The effect of short- versus long-acting benzodiazepines on the risk of falling is not straightforward. Some studies have suggested a higher risk associated with long-acting drugs [94,96], while others have suggested that the dose or recent use, and not the drug half-life of benzodiazepine, is the important risk factor [97-100]. However, a significant (55 percent) overall decrease in benzodiazepine prescriptions in New York State, following an administrative measure, did not lead to a change in hip fracture rate and may suggest a weaker association between benzodiazepine use and hip fractures than has been previously considered [101].

The selective serotonin reuptake inhibitor (SSRI) antidepressants have been less well-studied than older tricyclic drugs, although several reports suggest that they offer no advantage over tricyclic antidepressants in their effects on falls [97,102,103]. In one report, for example, 2428 nursing home residents who were new users of tricyclic antidepressants, SSRIs, or trazodone were retrospectively compared with nonusers of antidepressants [103]. The new users of each type of antidepressant had higher rates of falls than the nonusers, with adjusted rate ratios of 2.0, 1.8, and 1.2 for each drug, respectively. The rate ratios increased with the daily dose of the tricyclic antidepressants and SSRIs. Daily use of SSRIs in adults 50 years and older has also been associated with a twofold increased risk clinical fragility fracture, after adjustment for potential covariates [104].

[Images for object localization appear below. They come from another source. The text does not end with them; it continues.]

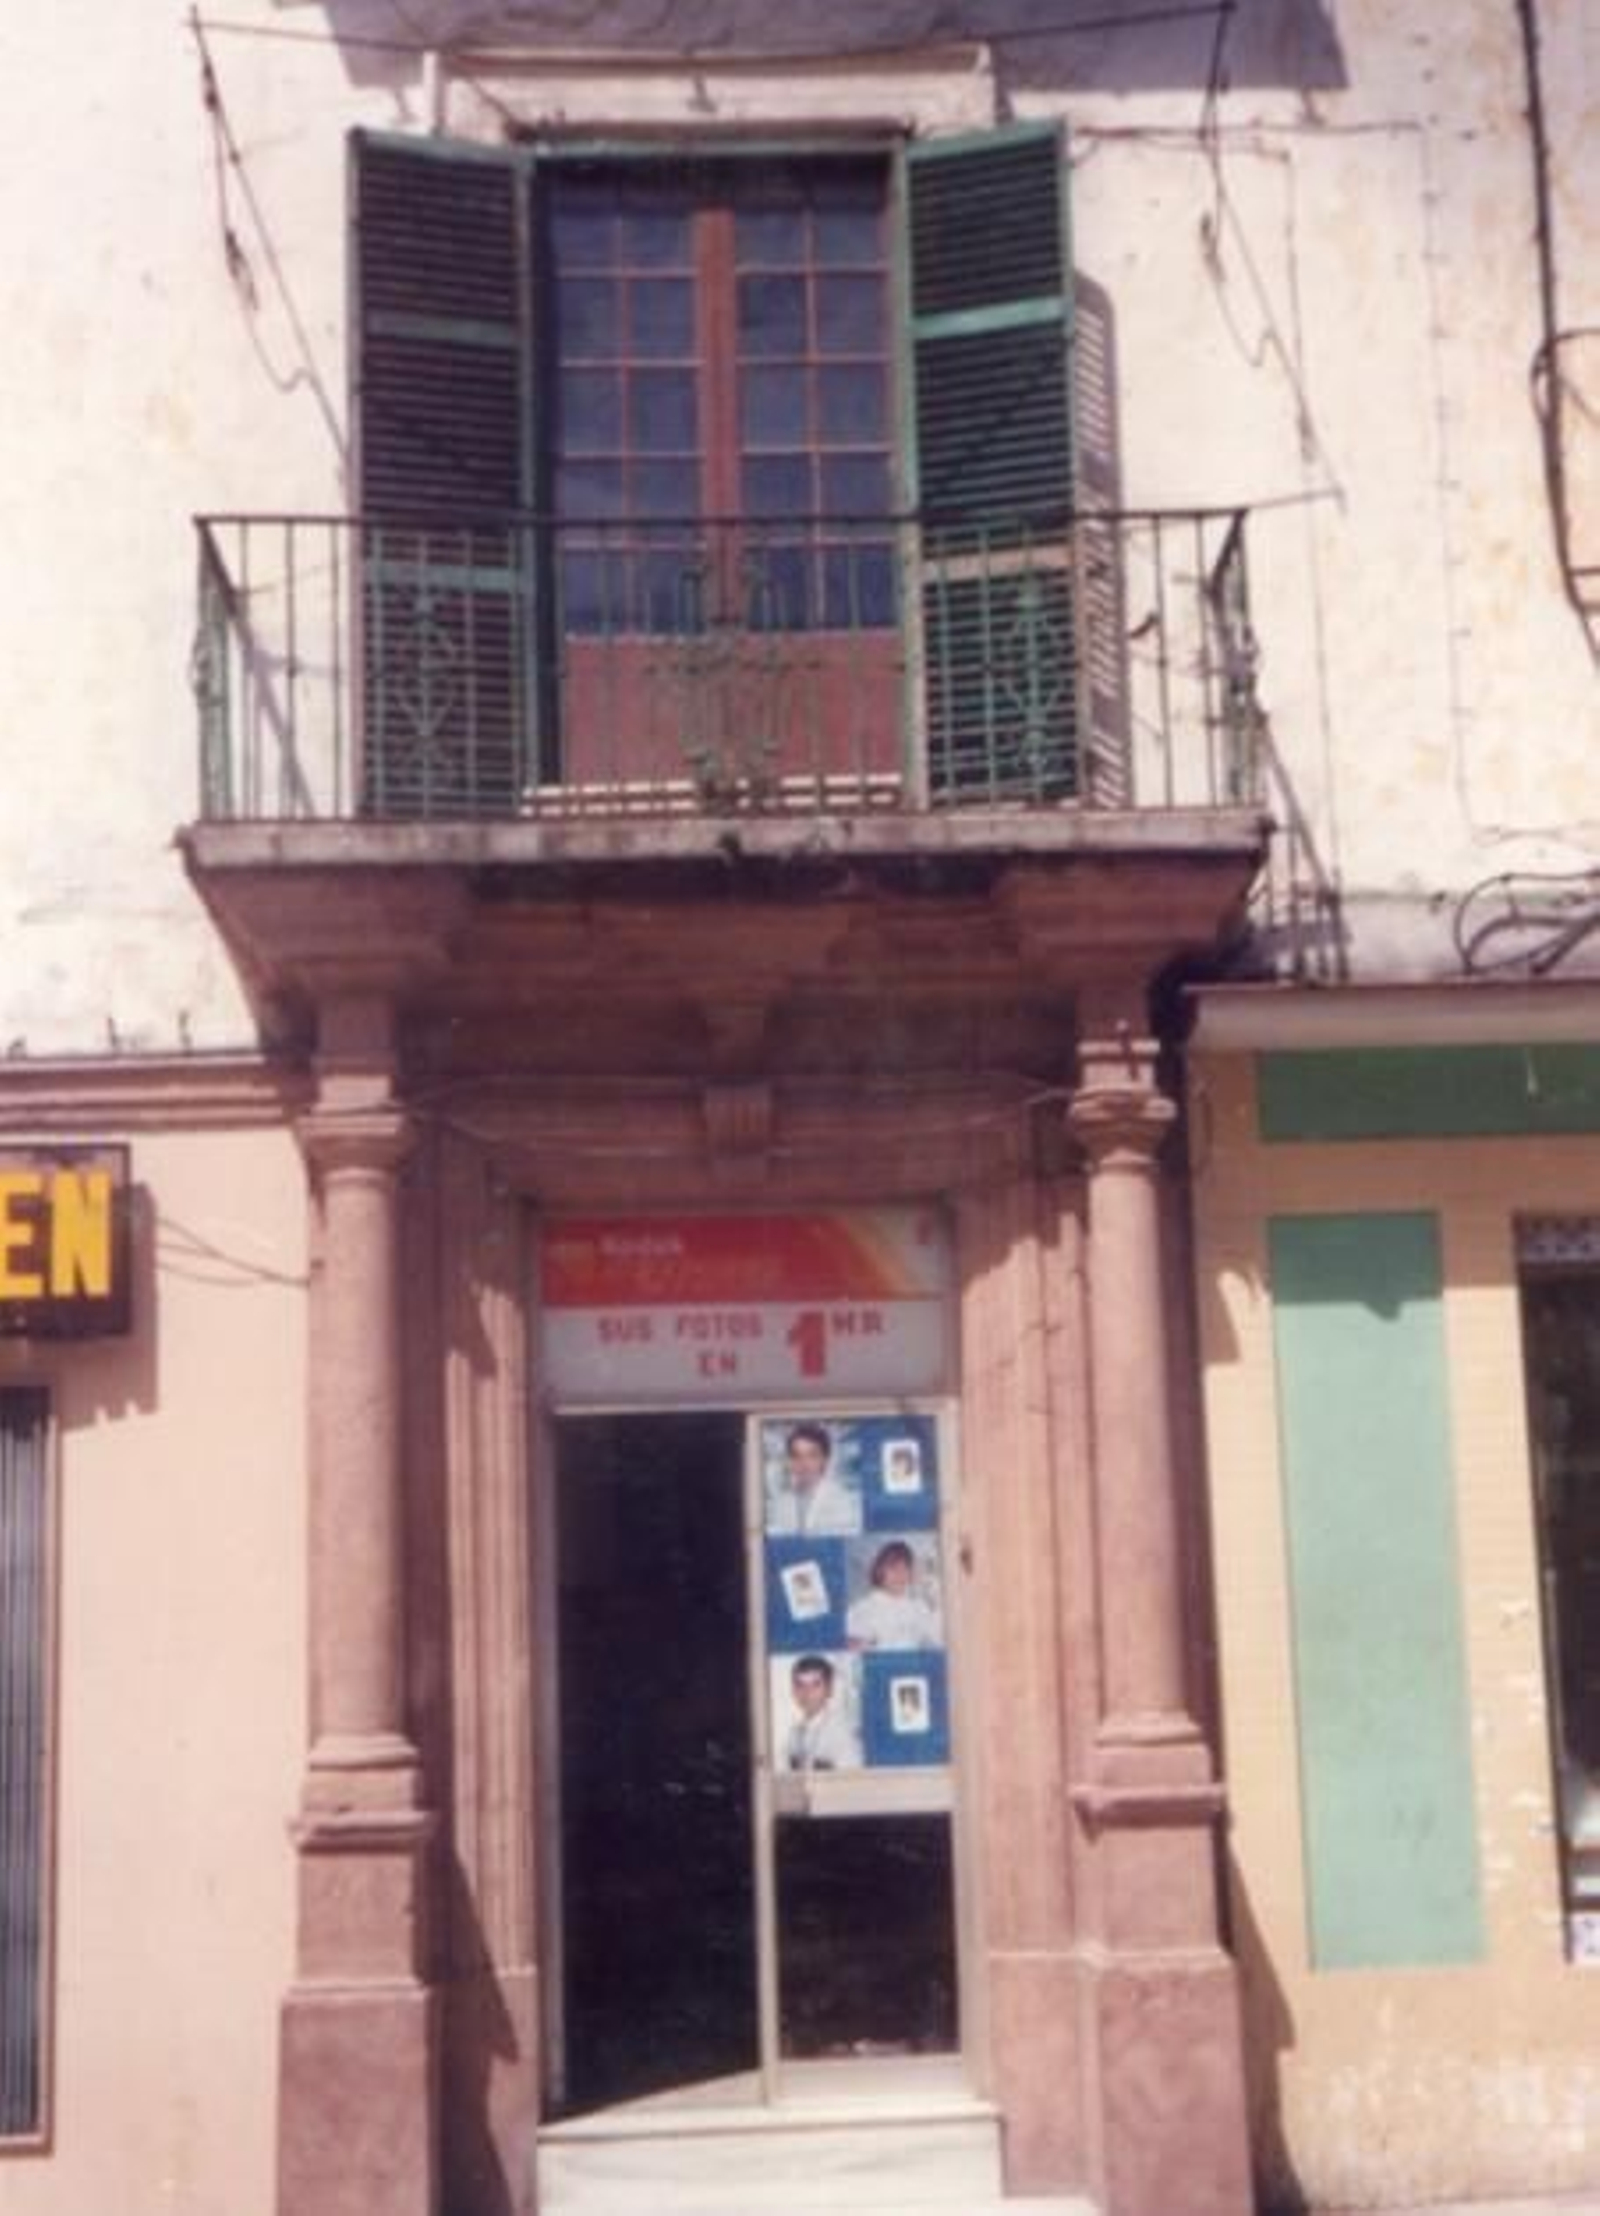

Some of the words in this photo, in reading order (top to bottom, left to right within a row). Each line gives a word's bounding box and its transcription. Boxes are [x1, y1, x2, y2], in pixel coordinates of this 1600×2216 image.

[0, 1172, 112, 1298] EN
[598, 1316, 652, 1344] SUS
[677, 1311, 763, 1341] FOTOS
[786, 1310, 827, 1381] 1
[697, 1350, 739, 1380] EN

It remains to be established whether the risk for falls related to antidepressants occurs only during drug initiation and dose titration or is seen with stable chronic use.

There have been several studies of anticholinergic medications being associated with falls [105,106] and evidence that the degree of anticholinergic input using the Anticholinergic Cognitive Burden scale was associated with an increase falls in those patients with underlying mild cognitive impairment and dementia [107].

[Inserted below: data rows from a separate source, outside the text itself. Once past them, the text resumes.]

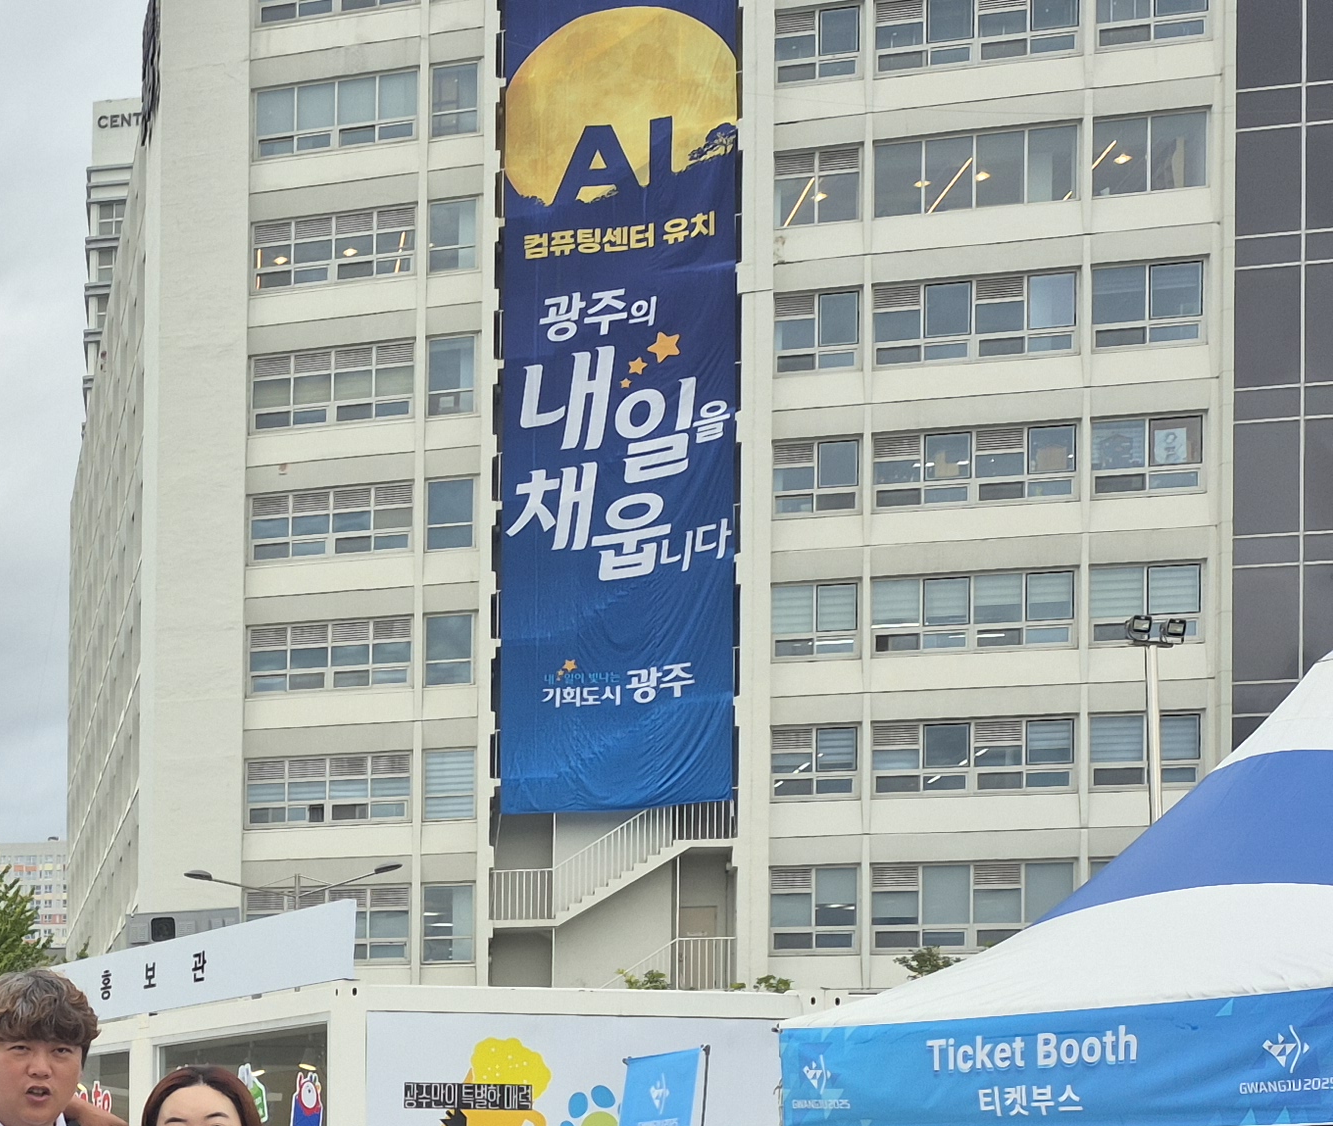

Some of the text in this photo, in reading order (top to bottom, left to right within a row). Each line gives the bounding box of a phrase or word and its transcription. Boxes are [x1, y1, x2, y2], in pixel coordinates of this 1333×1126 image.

[97, 112, 142, 129] CENT
[550, 116, 676, 207] AI
[523, 211, 716, 260] 컴퓨팅센터 유치
[539, 288, 657, 342] 광주의
[506, 462, 732, 581] 채웁니다
[541, 662, 696, 709] 기회도시 광주
[926, 1024, 1138, 1072] Ticket Booth
[404, 1083, 532, 1109] 광주만의 특별한 매력
[978, 1083, 1084, 1117] 티켓부스
[1238, 1078, 1302, 1095] GWANGJU

Antihypertensives and cardiovascular medications — Vasodilators have been associated with an increased risk of falling [73]. In a meta-analysis of 22 studies involving multiple classes of drugs, there was an association between antihypertensive drugs and risk of falls (OR 1.24, 95% CrI 1.01-1.50), but the association was not significant for beta blockers (OR 1.01, 95% CrI 0.86-1.17) and was only marginally significant for diuretics, which could have been given for edema as well as hypertension (OR 1.07, 95% CrI 1.01-1.14) [92]. Further, in a 2021 meta-analysis of randomized trials which had more than 650 patient years of follow-up, there was no increase in the risk for falls among those who used antihypertensive drugs [108].

Alcohol use — The relationship between alcohol use and falls appears to depend on the amount of alcohol consumed. In a study of 6000 men aged 65 years and older, light drinkers (less than 14 drinks per week) had a decreased risk of two or more falls in one year compared with abstainers (relative risk [RR] 0.77, 95% CI 0.65-0.92) [109]. However, men with problem drinking had a higher risk of two or more falls than those without problem drinking (RR 1.59, 95% CI 1.30-1.94).

Footwear — Footwear may be an important factor affecting the risk of falls. In one small study evaluating balance and footwear in older men, shoes with thin, hard soles were associated with the best balance, although these shoes were perceived as less comfortable than thick, soft, mid-soled shoes, such as running shoes [110].

In contrast to the results from such gait laboratory studies, a nested case-control study found a lower risk of falls associated with athletic shoes or sneakers and a higher risk of falls with other footwear (RR 1.3, 95% CI 0.9-1.9); going barefoot or in stocking feet appeared to be particularly risky [111]. Although the study adjusted for other factors in a multivariate model, confounding factors may still have affected results, and healthier patients may be more likely to wear athletic shoes or sneakers. In a companion study, footwear with greater heel height was associated with an increased risk of falling, while footwear with greater contact area between the sole and the floor was associated with a lower risk [112]. Data from the MOBILIZE Boston Study confirmed the protective effects of athletic shoes on falls and the increased risk associated with going barefoot [113].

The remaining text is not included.